-- EXCERPTED DATA follows --
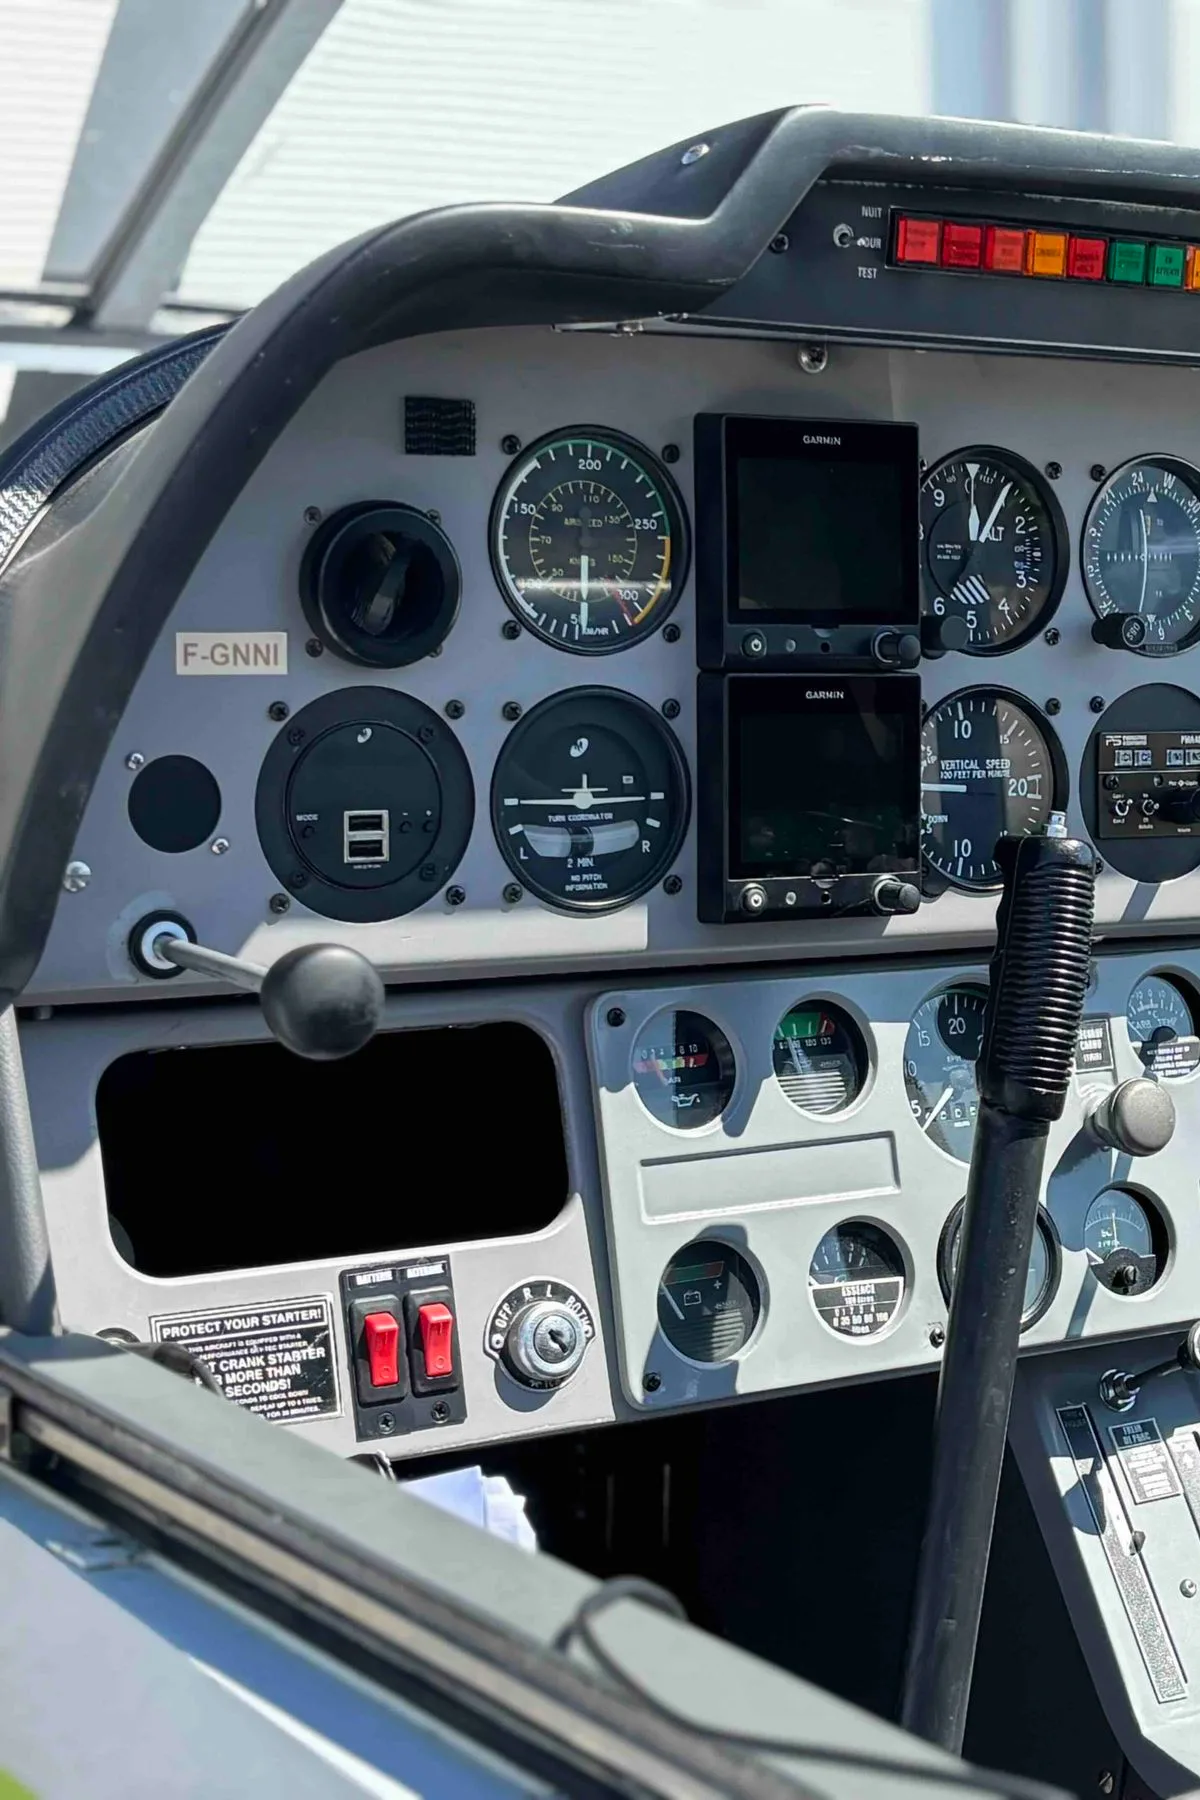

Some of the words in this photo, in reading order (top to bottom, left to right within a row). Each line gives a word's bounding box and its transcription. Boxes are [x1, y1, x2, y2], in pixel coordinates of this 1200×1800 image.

[861, 205, 882, 218] NUIT
[858, 266, 877, 279] TEST
[803, 434, 841, 446] GARMIN
[578, 459, 602, 471] 200
[1131, 471, 1143, 483] 24
[1163, 472, 1176, 489] W
[933, 488, 945, 507] 9
[1187, 495, 1200, 513] 30
[514, 503, 536, 516] 150
[634, 518, 658, 531] 250
[1015, 515, 1026, 534] 2
[1016, 570, 1027, 589] 3
[933, 596, 946, 616] 6
[998, 597, 1010, 614] 4
[966, 610, 978, 629] 5
[183, 642, 279, 666] F-GNNI
[805, 689, 845, 700] GARMIN
[954, 720, 972, 739] 10
[1000, 735, 1010, 745] 15
[940, 759, 980, 770] VERTICAL
[985, 759, 1011, 770] SPEED
[1008, 779, 1028, 797] 20
[928, 814, 949, 824] DOWN
[642, 840, 651, 852] R
[954, 838, 972, 858] 10
[519, 847, 528, 860] L
[567, 858, 573, 868] 2
[571, 874, 580, 882] NO
[582, 873, 602, 881] PITCH
[565, 882, 608, 892] INFORMATION
[948, 1017, 966, 1035] 20
[918, 1030, 930, 1047] 15
[689, 1044, 698, 1053] 10
[904, 1060, 917, 1077] 10
[911, 1099, 921, 1117] 5
[523, 1287, 533, 1300] R
[546, 1284, 553, 1298] L
[495, 1302, 513, 1329] OFF
[565, 1295, 589, 1323] BOTH
[162, 1321, 221, 1339] PROTECT
[224, 1317, 260, 1332] YOUR
[262, 1308, 321, 1326] STARTER!
[205, 1341, 236, 1352] AIRCRAFT
[245, 1335, 278, 1347] EQUIPPED
[279, 1334, 295, 1342] WITH
[219, 1354, 265, 1371] CRANK
[267, 1347, 325, 1365] STARTER
[225, 1369, 263, 1384] MORE
[266, 1362, 301, 1378] THAN
[225, 1379, 291, 1398] SECONDS!
[269, 1393, 287, 1401] COOL
[288, 1389, 309, 1399] DOWN
[251, 1402, 276, 1412] REPEAT
[267, 1410, 281, 1418] FOR
[1122, 1424, 1142, 1434] FREIN
[1132, 1432, 1151, 1444] PARC
-- EXCERPTED DATA concluded --
[WHAT THE TASK REQUIRES]
Please copy every line of the records above in which "STARTER" appears.

[RESPONSE AREA]
[262, 1308, 321, 1326] STARTER!
[267, 1347, 325, 1365] STARTER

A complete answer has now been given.